Referring expression grounding data:
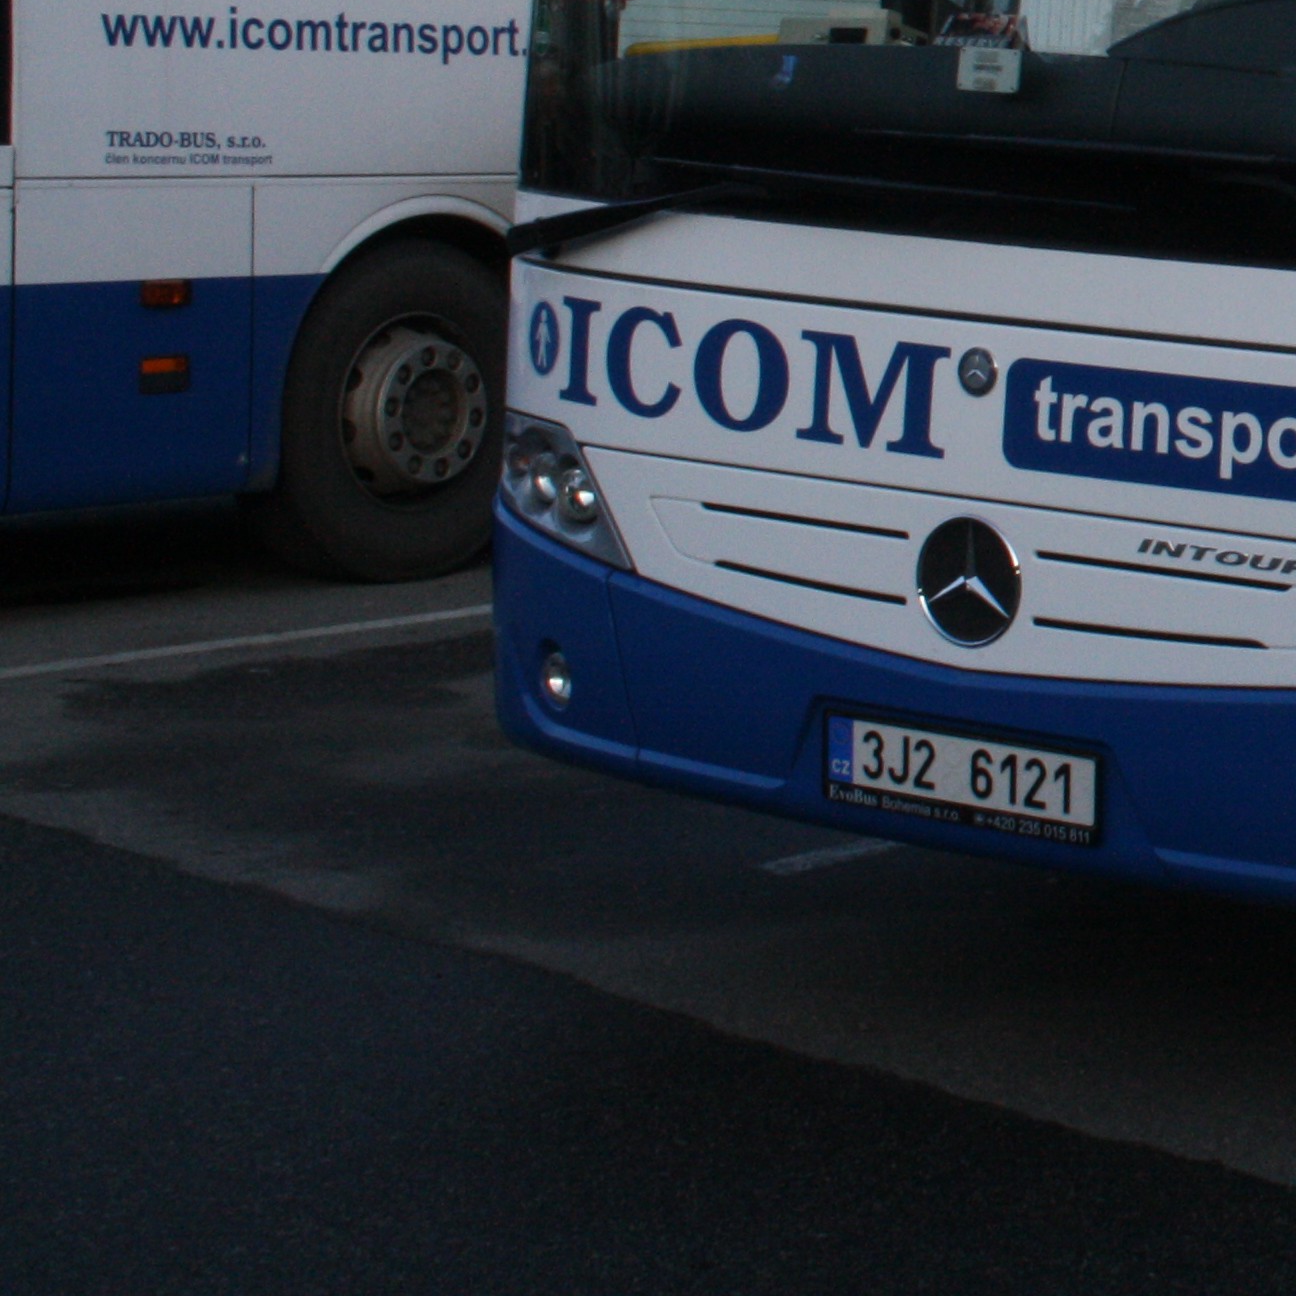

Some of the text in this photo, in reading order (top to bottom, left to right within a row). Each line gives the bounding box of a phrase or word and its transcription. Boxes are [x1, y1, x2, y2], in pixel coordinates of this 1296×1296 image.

[106, 131, 266, 149] TRADO-BUS, s.r.o.
[190, 154, 219, 165] ICOM
[222, 154, 273, 167] transport
[559, 296, 950, 459] ICOM
[831, 759, 851, 776] CZ
[862, 730, 1072, 814] 3J2 6121
[828, 783, 1090, 844] EvoBus Bohemia s.r.o. +420 235 015 811
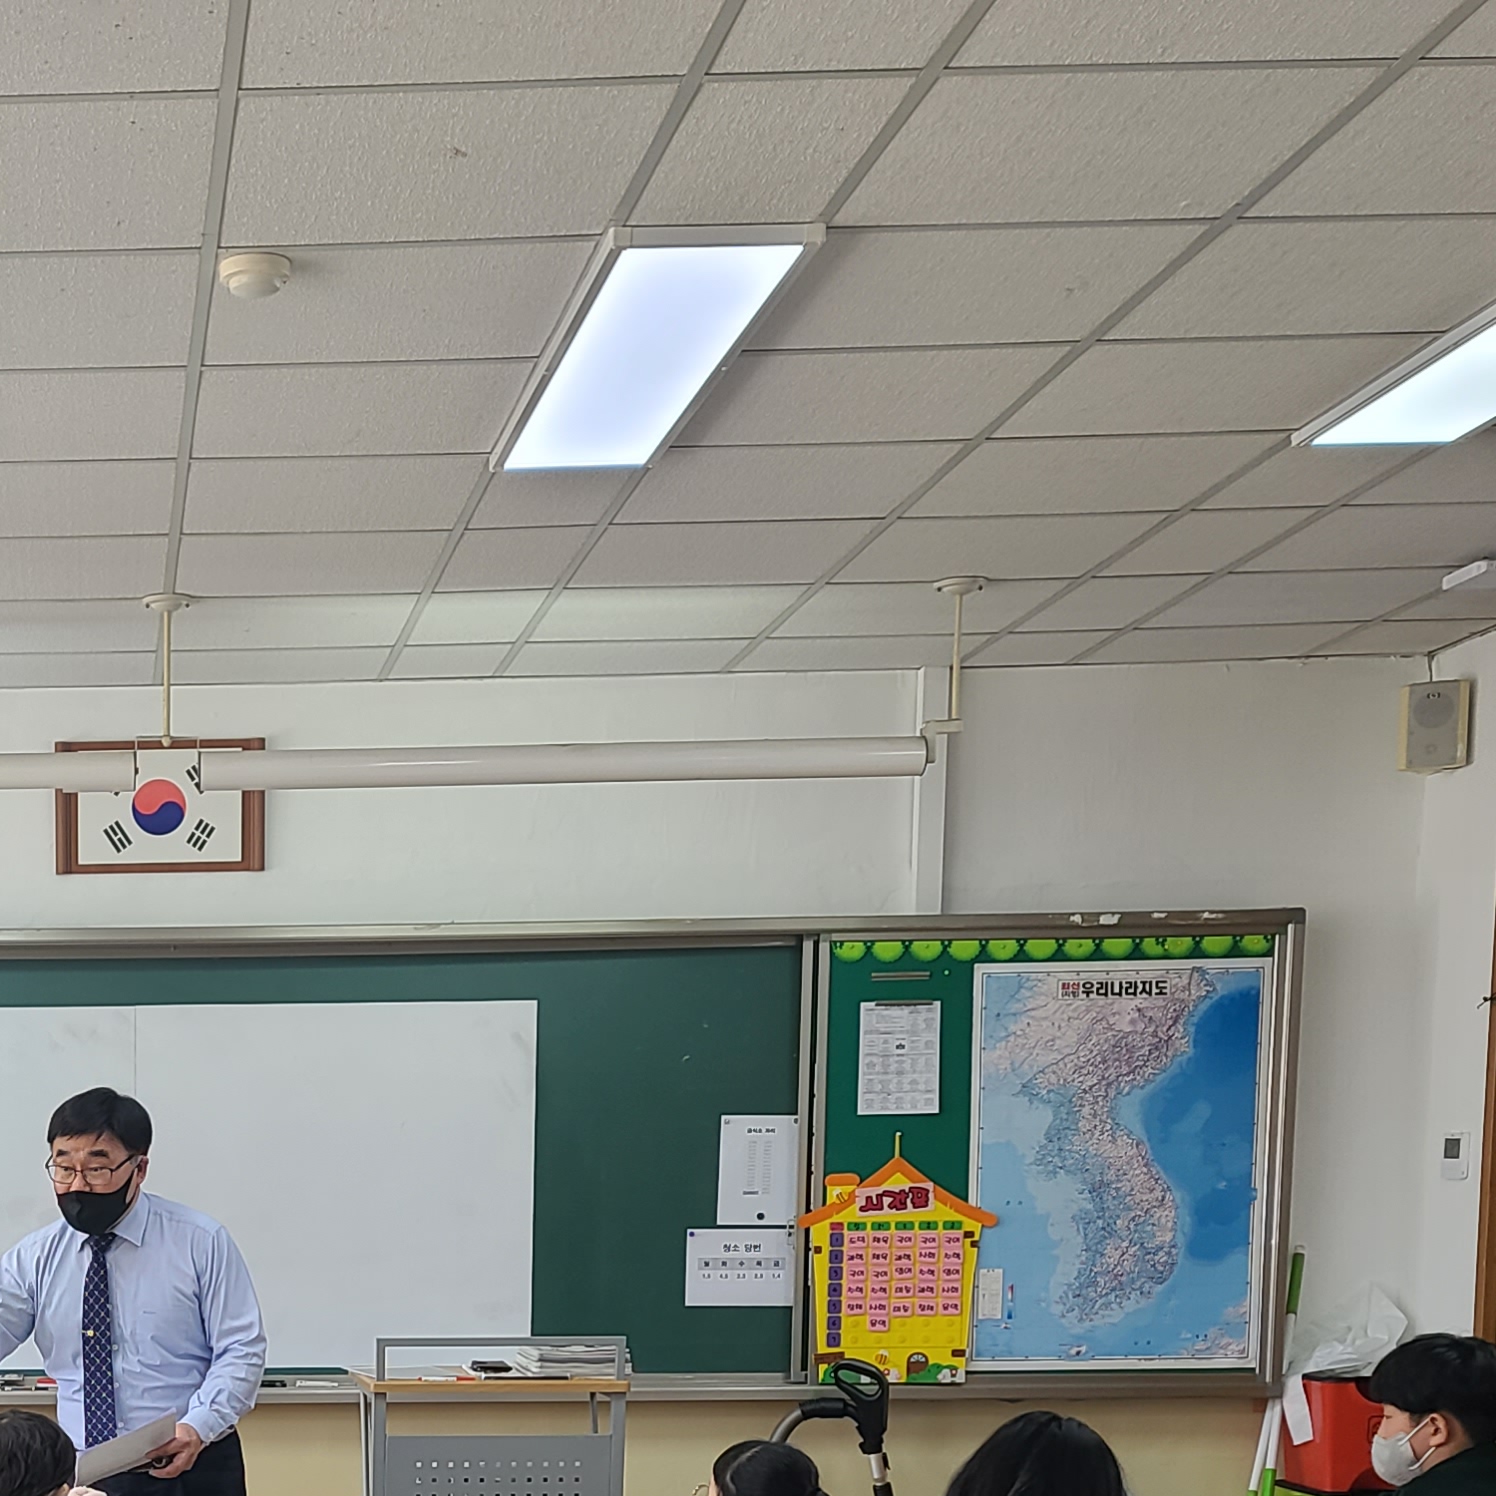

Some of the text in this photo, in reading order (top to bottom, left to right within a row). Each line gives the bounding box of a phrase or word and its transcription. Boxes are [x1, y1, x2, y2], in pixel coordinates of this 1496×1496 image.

[1081, 980, 1168, 998] 우리나라지도
[859, 1186, 930, 1213] 시간표
[897, 1235, 912, 1244] 국어
[920, 1236, 936, 1245] 국어
[944, 1236, 960, 1245] 국어
[849, 1269, 865, 1278] 국어
[872, 1270, 889, 1279] 국어
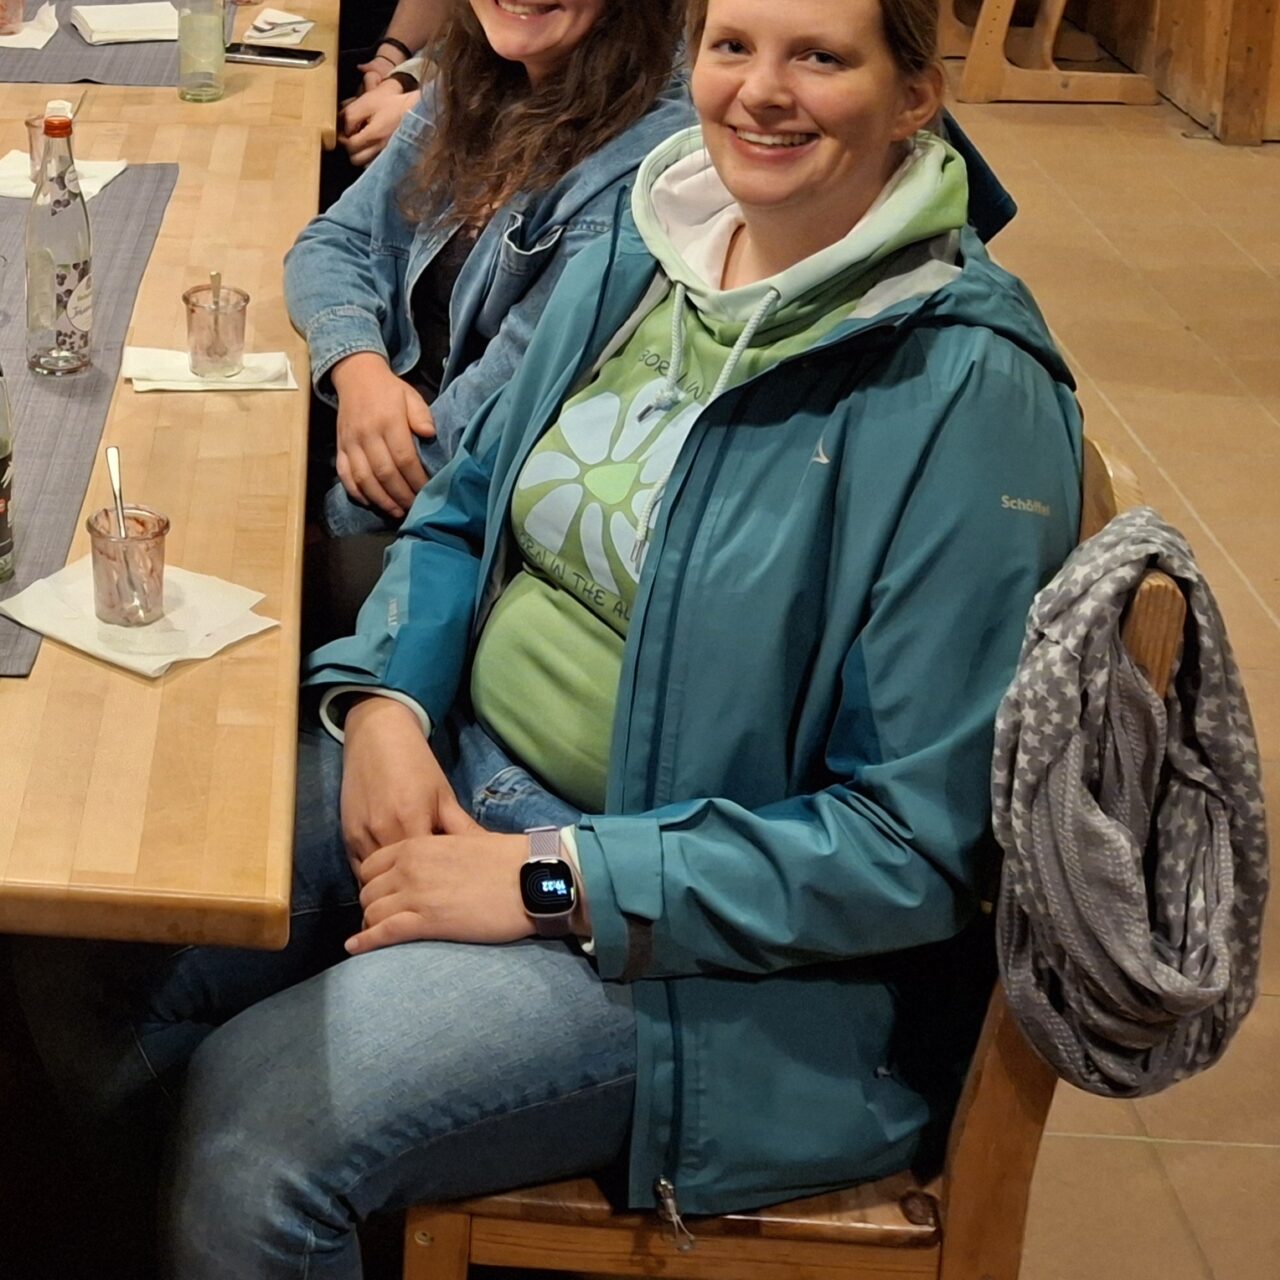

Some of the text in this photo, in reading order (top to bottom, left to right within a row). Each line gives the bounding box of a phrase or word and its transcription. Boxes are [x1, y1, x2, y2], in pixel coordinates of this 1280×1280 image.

[1001, 494, 1052, 517] Schöffel
[518, 532, 631, 622] ORN IN THE AL
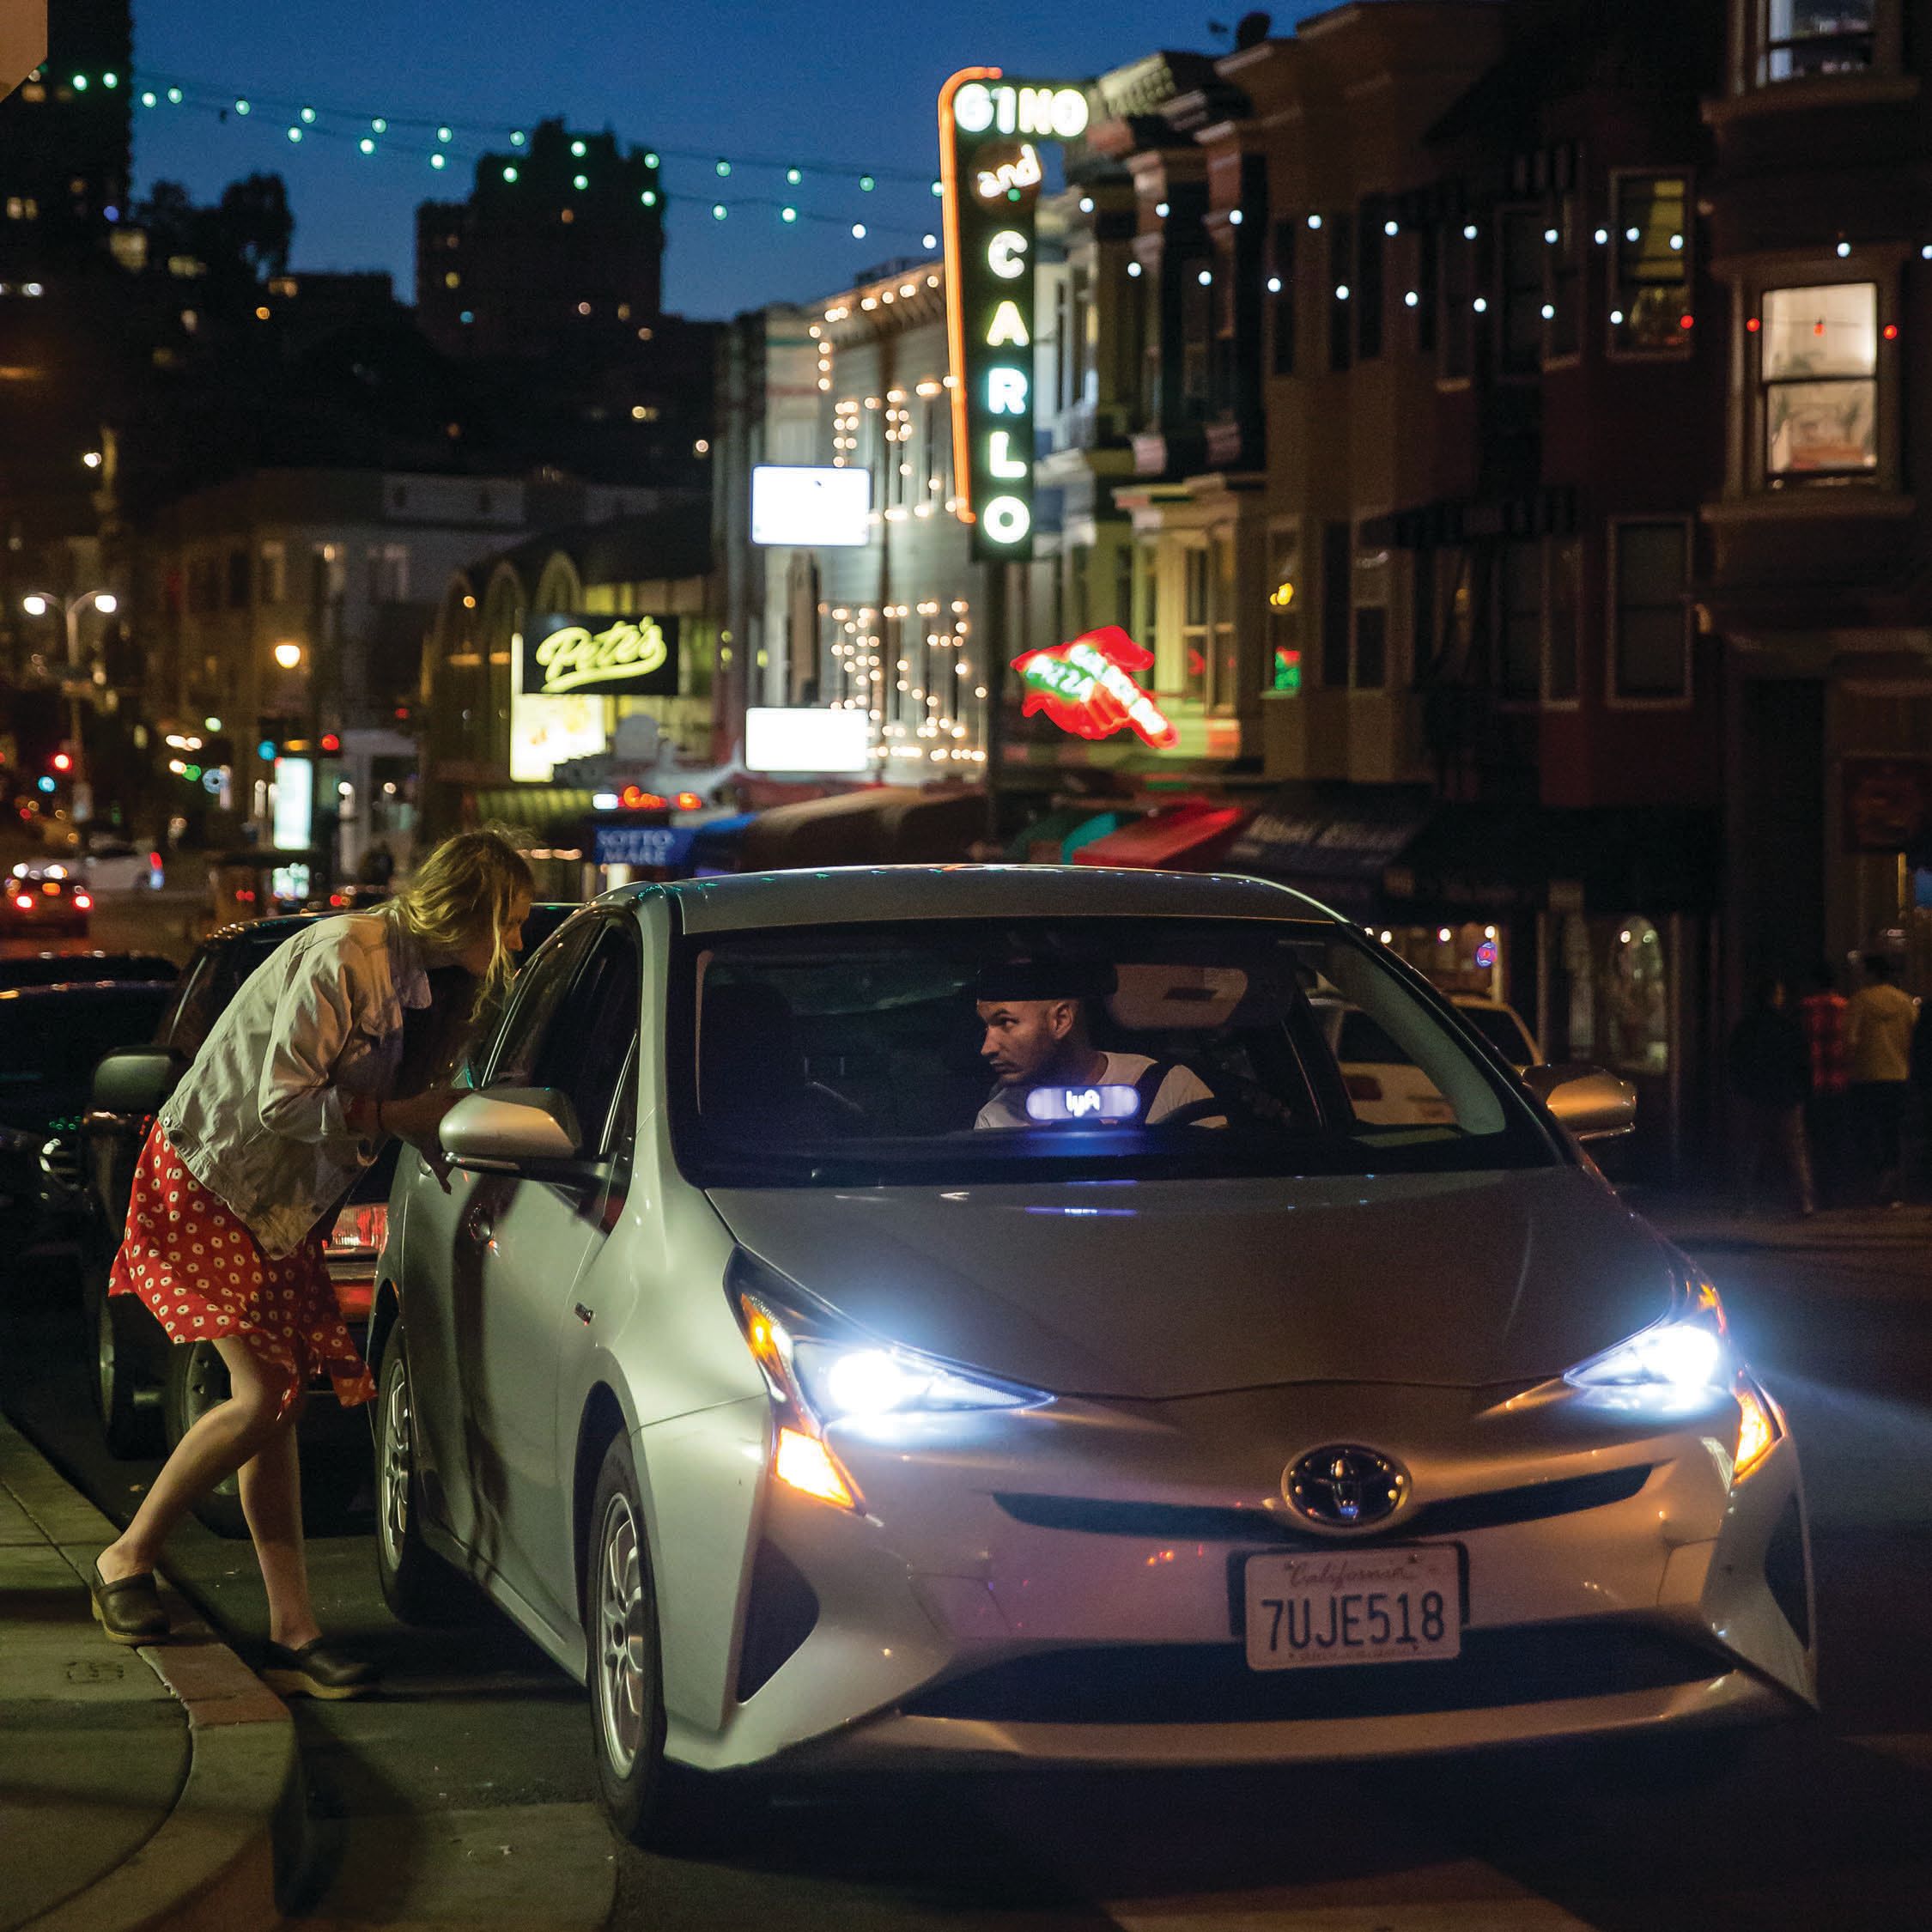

# What to do:
Repeat, exactly and in full, all records above, but include no pictures.

# Solution below:
Some of the text in this photo, in reading order (top to bottom, left to right within a row). Each line gives the bounding box of a phrase or word and its transcription. Boxes are [x1, y1, x2, y2], in pixel coordinates of this 1296×1296 image.

[106, 131, 266, 149] TRADO-BUS, s.r.o.
[190, 154, 219, 165] ICOM
[222, 154, 273, 167] transport
[559, 296, 950, 459] ICOM
[831, 759, 851, 776] CZ
[862, 730, 1072, 814] 3J2 6121
[828, 783, 1090, 844] EvoBus Bohemia s.r.o. +420 235 015 811

Some of the text in this photo, in reading order (top to bottom, left to right within a row). Each line gives the bounding box of a phrase or word and its transcription. Boxes are [x1, y1, x2, y2], in pixel coordinates of this 1496×1496 image.

[1081, 980, 1168, 998] 우리나라지도
[859, 1186, 930, 1213] 시간표
[897, 1235, 912, 1244] 국어
[920, 1236, 936, 1245] 국어
[944, 1236, 960, 1245] 국어
[849, 1269, 865, 1278] 국어
[872, 1270, 889, 1279] 국어

Some of the text in this photo, in reading order (top to bottom, left to right within a row). Each line gives the bounding box of a phrase or word and its transcription. Boxes are [x1, y1, x2, y2], in pixel coordinates of this 1280×1280 image.

[1001, 494, 1052, 517] Schöffel
[518, 532, 631, 622] ORN IN THE AL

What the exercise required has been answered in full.